AVAILABLE DATA
==*==
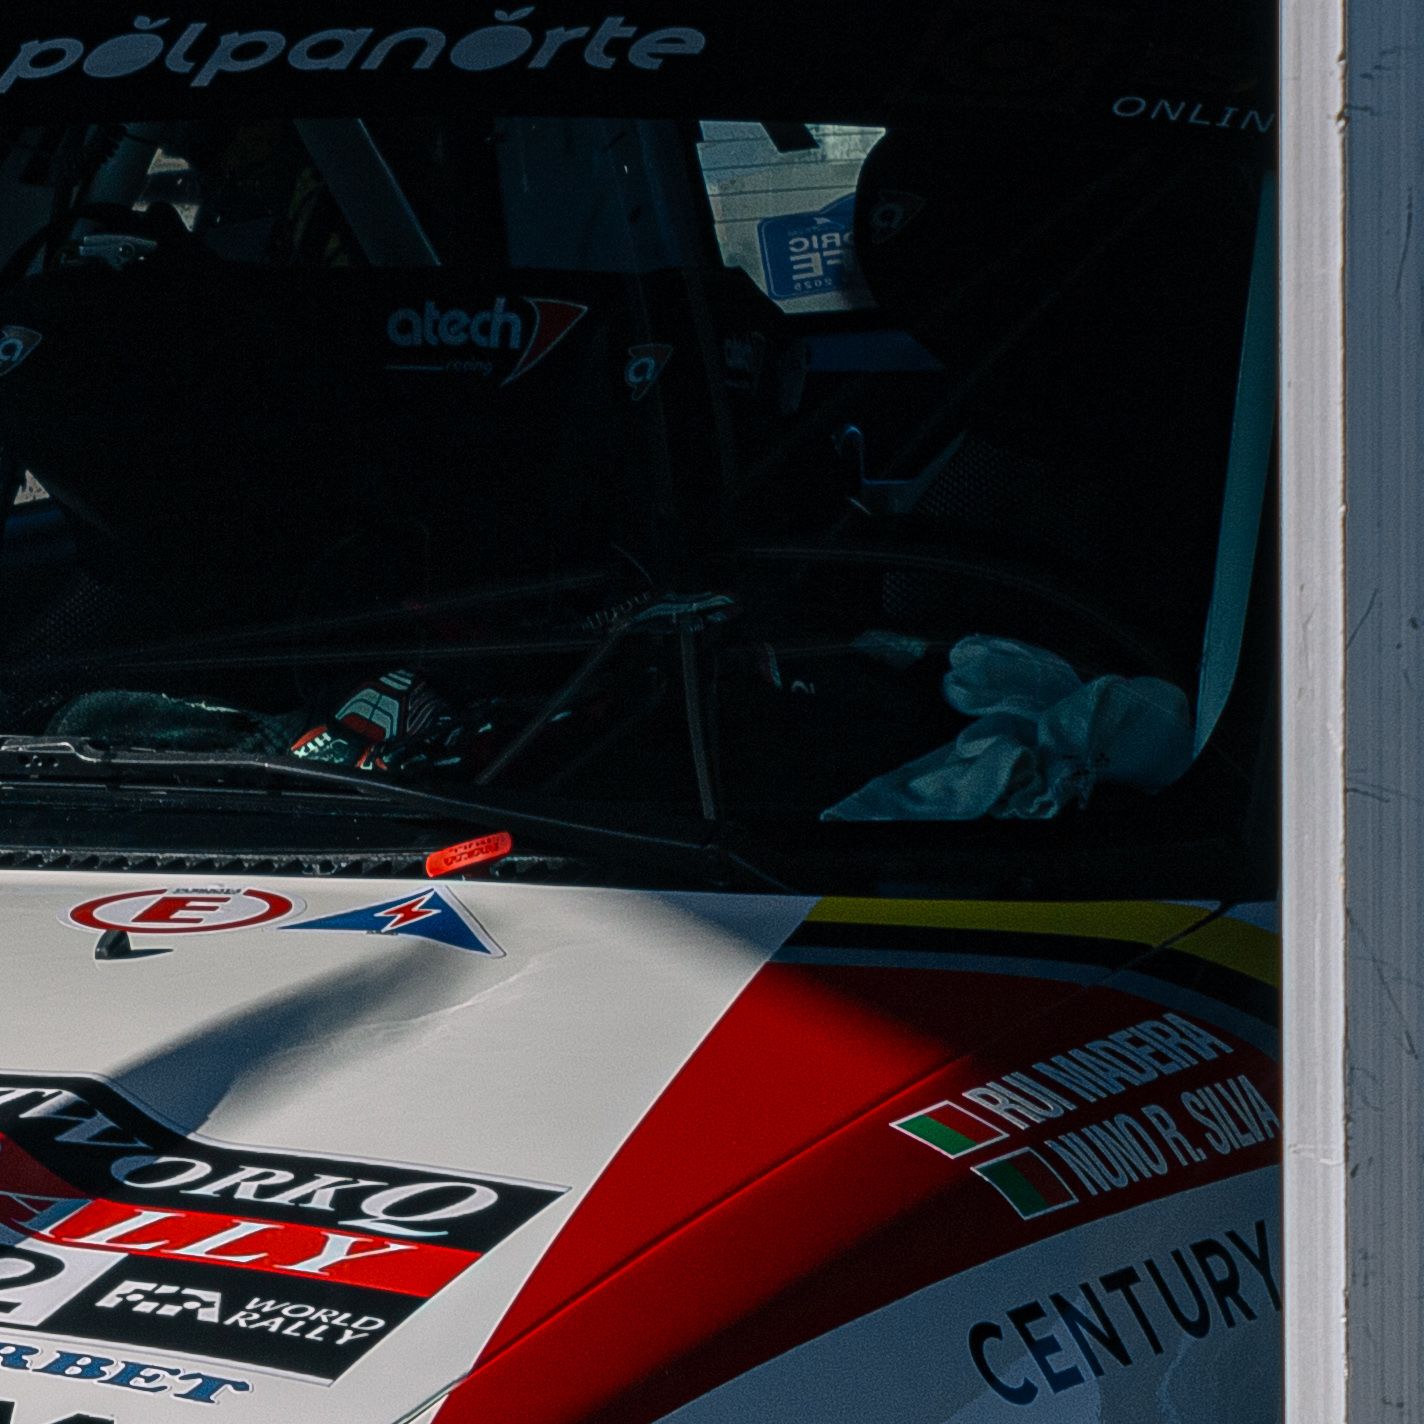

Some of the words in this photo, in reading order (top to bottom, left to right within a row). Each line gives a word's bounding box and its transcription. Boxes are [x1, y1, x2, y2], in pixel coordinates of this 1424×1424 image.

[386, 295, 523, 350] atech
[130, 896, 231, 924] E
[971, 1062, 1073, 1131] RUI
[1048, 1011, 1234, 1111] MADEIRA
[1046, 1115, 1167, 1196] NUNO
[1157, 1104, 1207, 1165] R.
[222, 1308, 372, 1347] RALLY
[243, 1294, 386, 1332] WORLD
[968, 1219, 1282, 1407] CENTURY
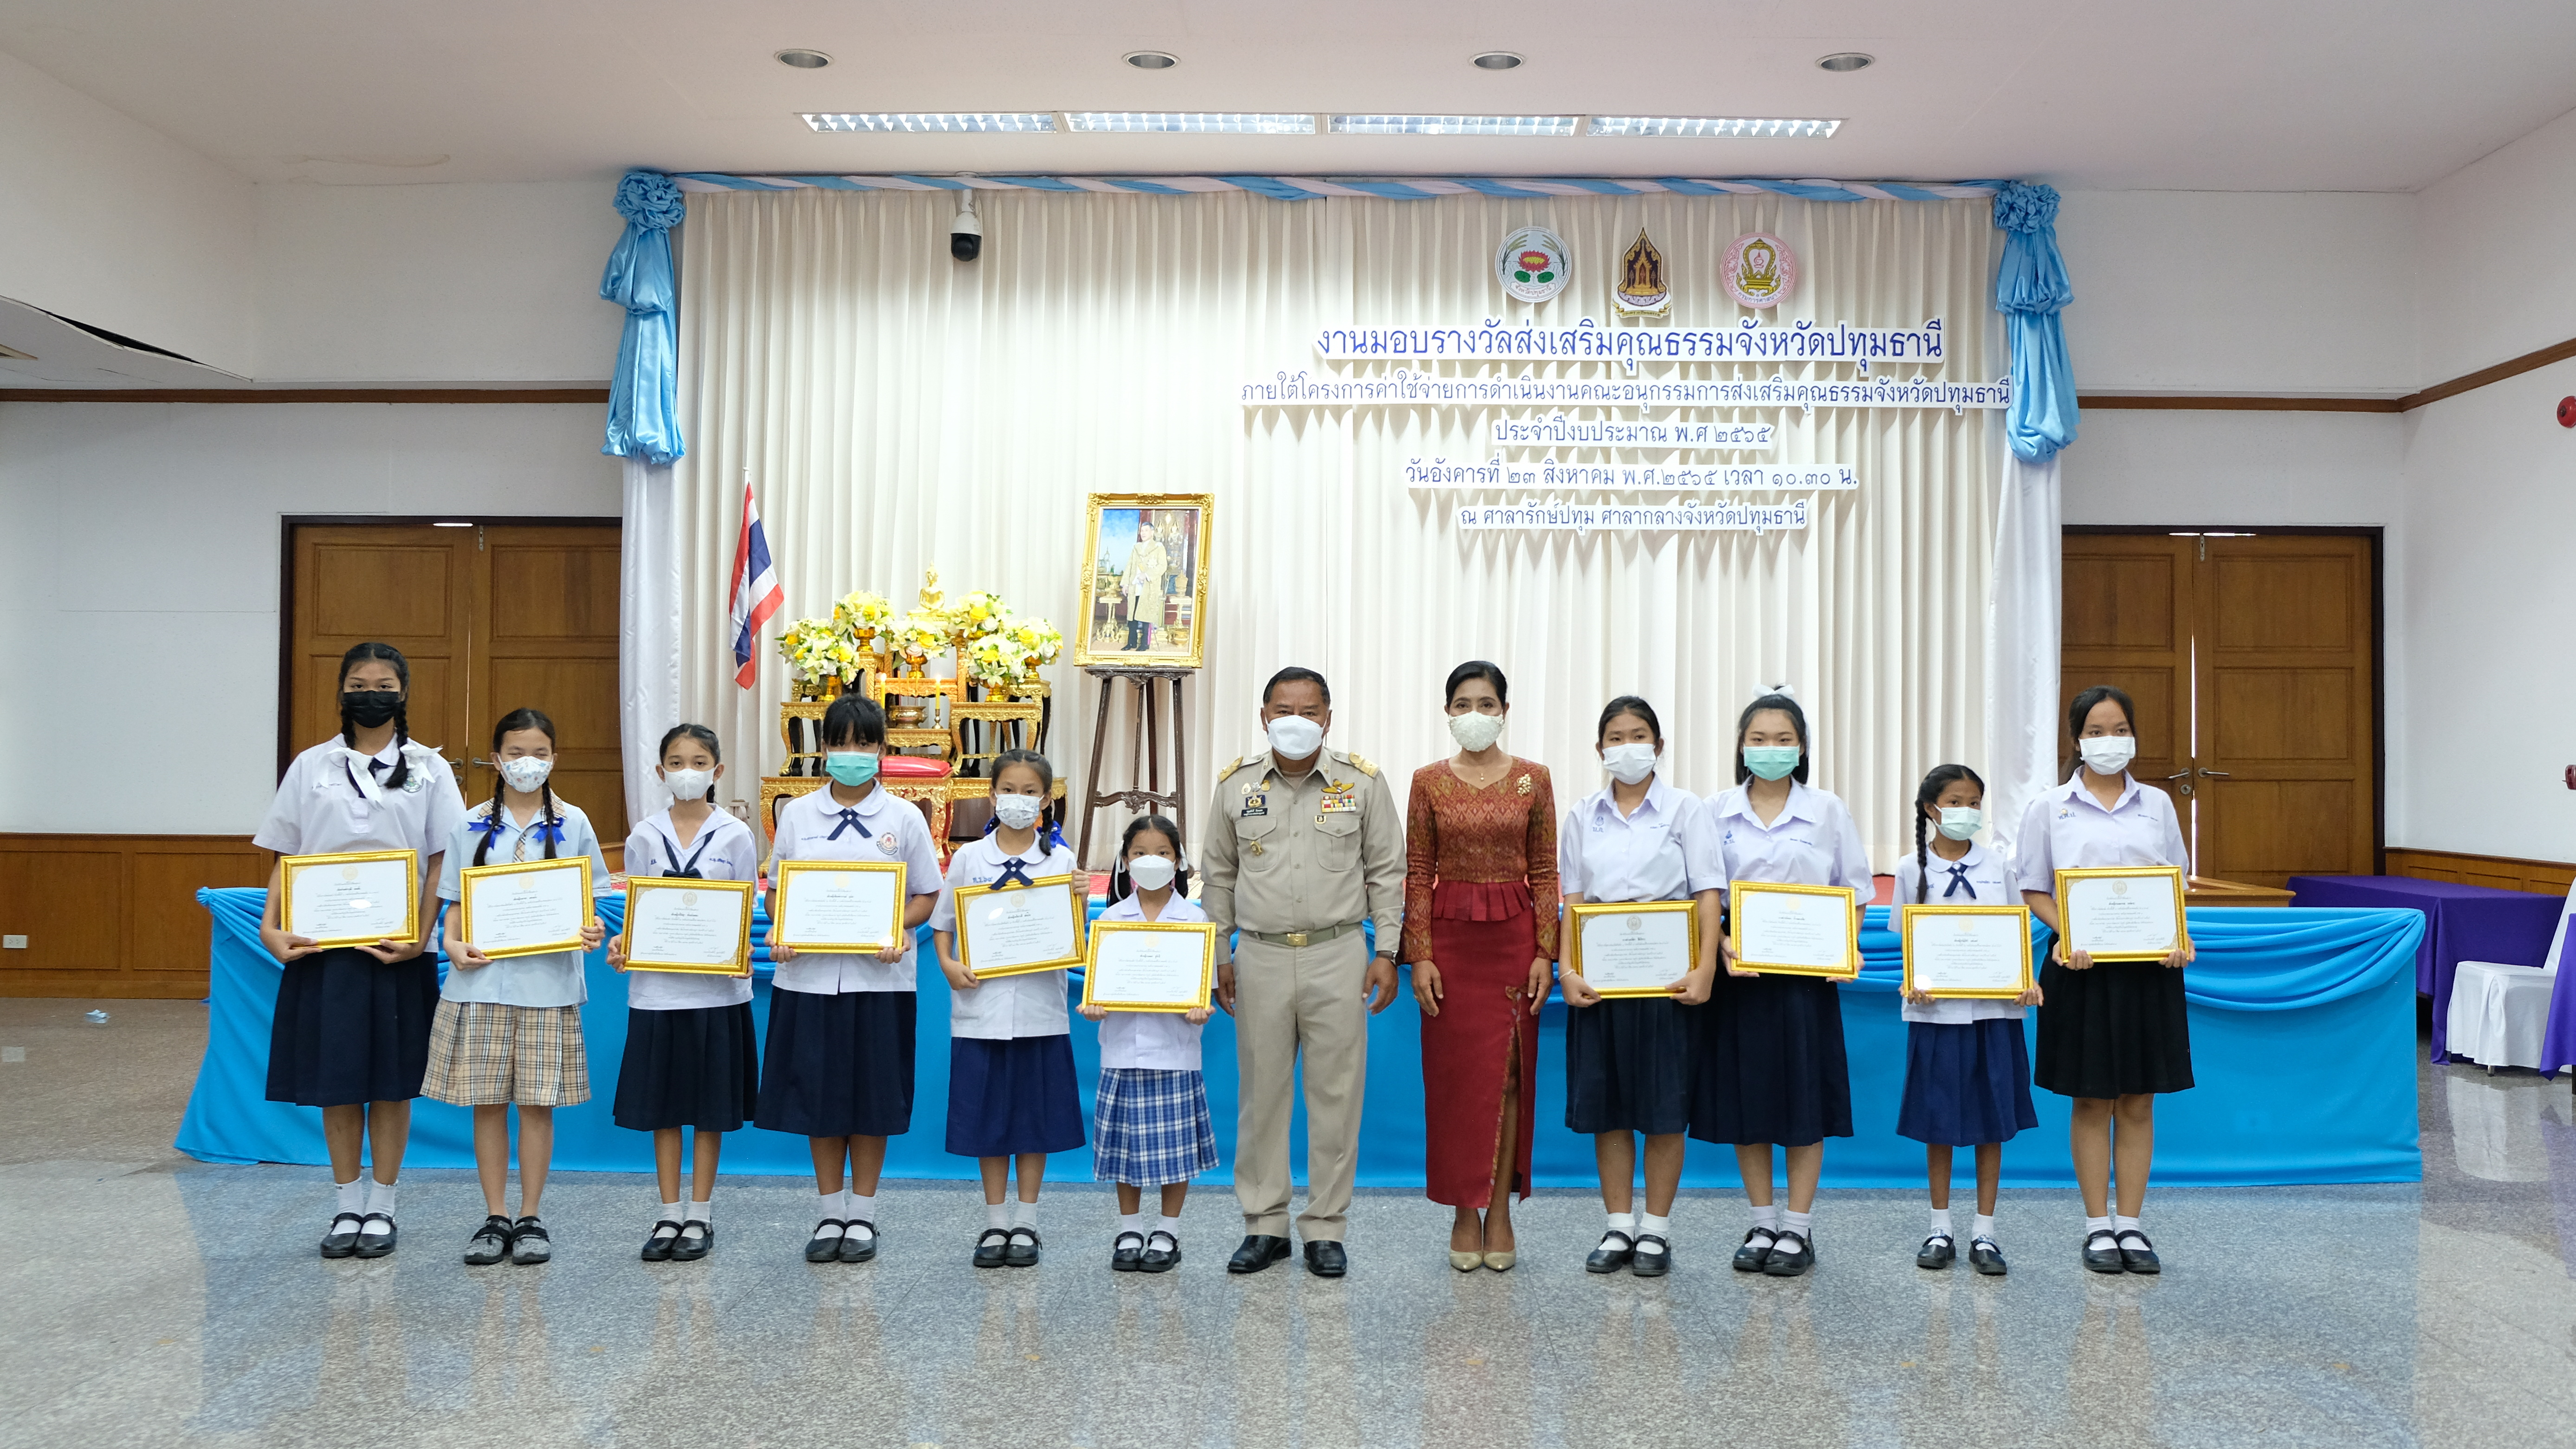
==*==
The pictures stay out; copy the rest of the data word for word.

Some of the words in this photo, in reading order (top to bottom, left to right within a row). Each line gives a word's bounding box and its transcription. Boxes are [x1, y1, x2, y2], in pixel coordinates of this 1424×1424 image.

[386, 295, 523, 350] atech
[130, 896, 231, 924] E
[971, 1062, 1073, 1131] RUI
[1048, 1011, 1234, 1111] MADEIRA
[1046, 1115, 1167, 1196] NUNO
[1157, 1104, 1207, 1165] R.
[222, 1308, 372, 1347] RALLY
[243, 1294, 386, 1332] WORLD
[968, 1219, 1282, 1407] CENTURY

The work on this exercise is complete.